## [STORED DATA]
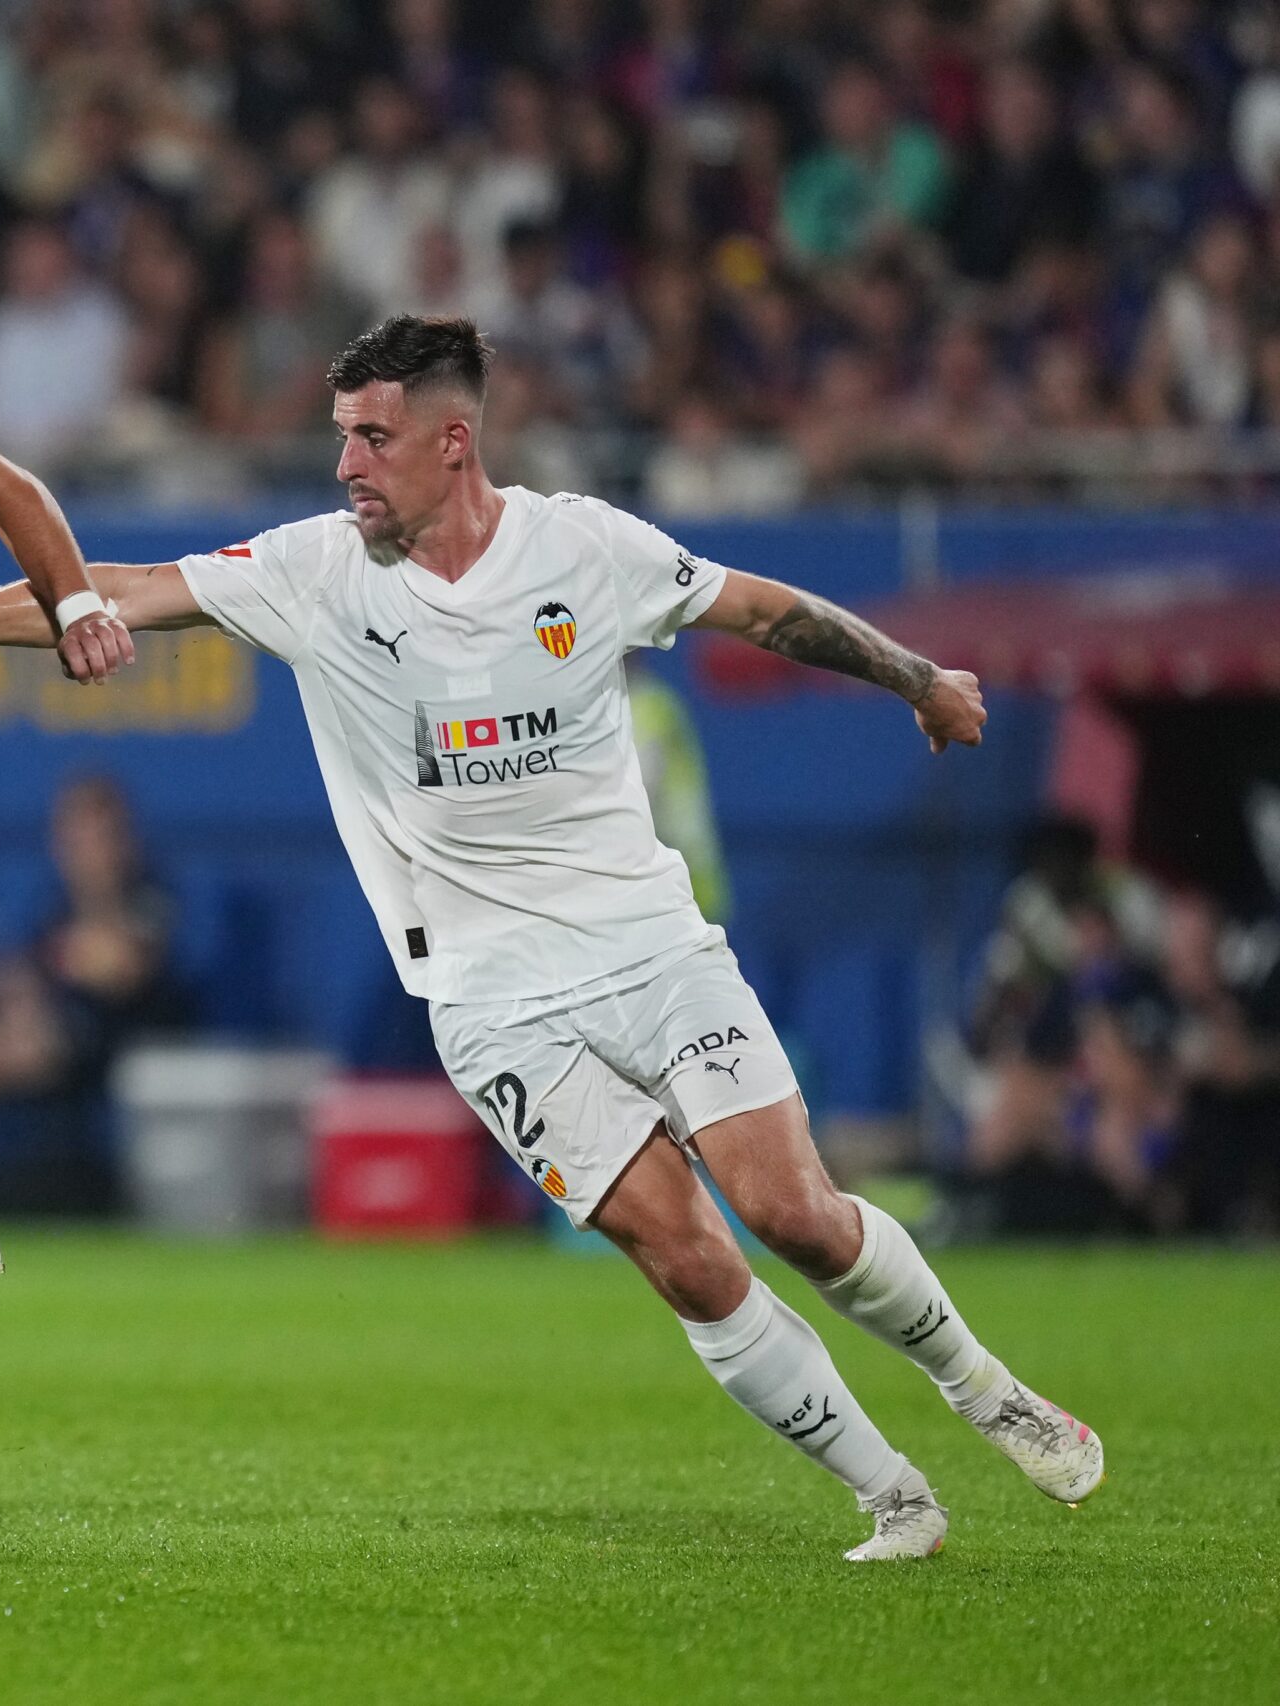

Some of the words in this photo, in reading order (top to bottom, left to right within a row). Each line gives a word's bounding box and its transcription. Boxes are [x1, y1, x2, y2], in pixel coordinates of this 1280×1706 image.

[502, 707, 558, 742] TM
[441, 744, 560, 787] Tower
[659, 1026, 750, 1079] ODA
[776, 1393, 813, 1430] VCF
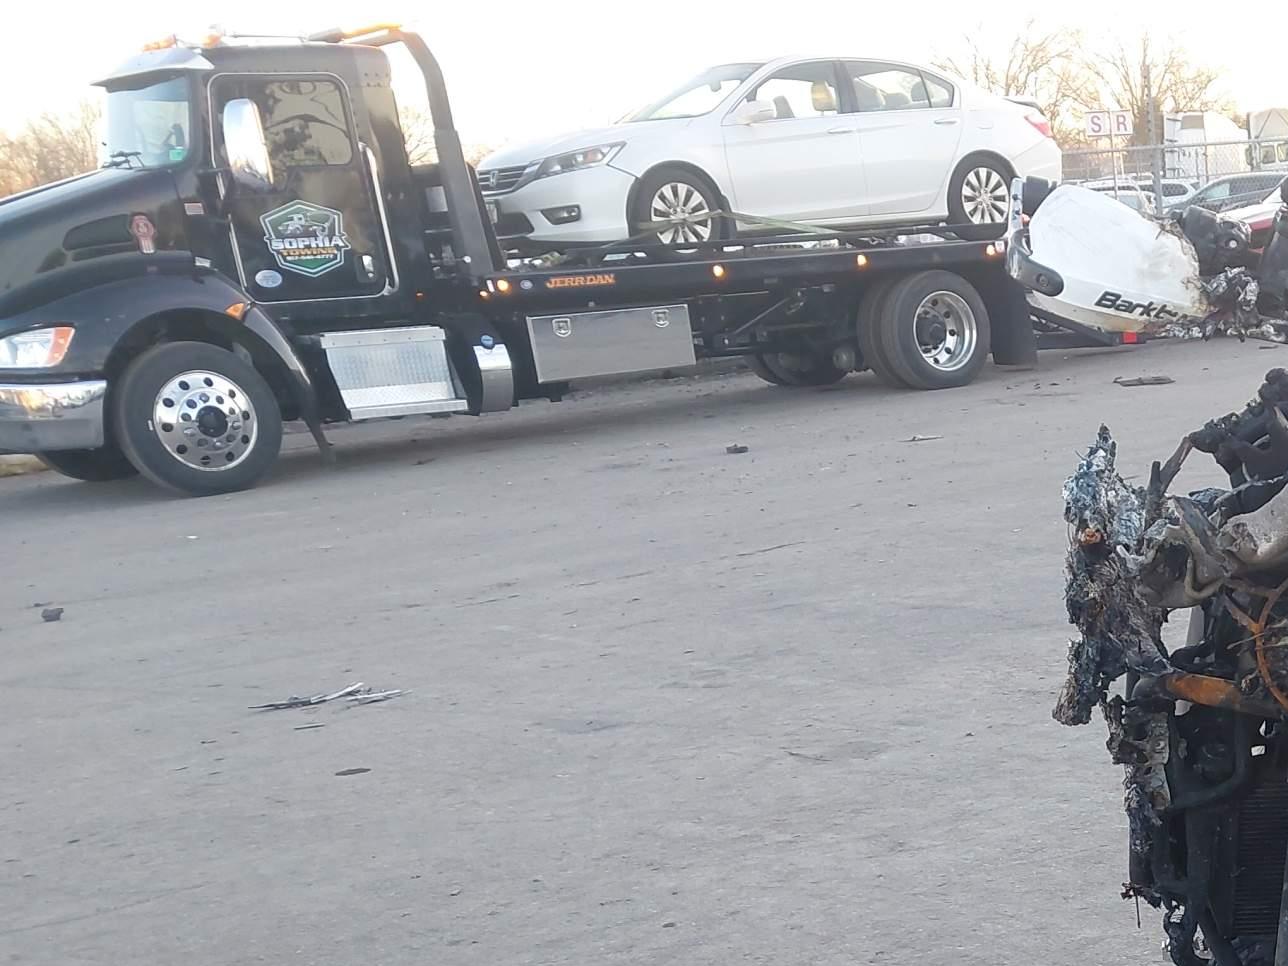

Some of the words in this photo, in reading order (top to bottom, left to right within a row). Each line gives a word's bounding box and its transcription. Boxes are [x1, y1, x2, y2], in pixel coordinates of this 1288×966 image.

[1091, 115, 1102, 133] S
[1116, 114, 1128, 132] R
[271, 236, 345, 250] SOPHIA

## [YOUR GOAL]
Only an exact copy of the entries, with no pictures, is expected as the answer.

## [TASK RESPONSE]
Some of the words in this photo, in reading order (top to bottom, left to right within a row). Each line gives a word's bounding box and its transcription. Boxes are [x1, y1, x2, y2], in pixel coordinates of this 1280×1706 image.

[502, 707, 558, 742] TM
[441, 744, 560, 787] Tower
[659, 1026, 750, 1079] ODA
[776, 1393, 813, 1430] VCF

Some of the words in this photo, in reading order (top to bottom, left to right within a row). Each line gives a word's bounding box and its transcription. Boxes are [x1, y1, x2, y2], in pixel coordinates of this 1288×966 image.

[1091, 115, 1102, 133] S
[1116, 114, 1128, 132] R
[271, 236, 345, 250] SOPHIA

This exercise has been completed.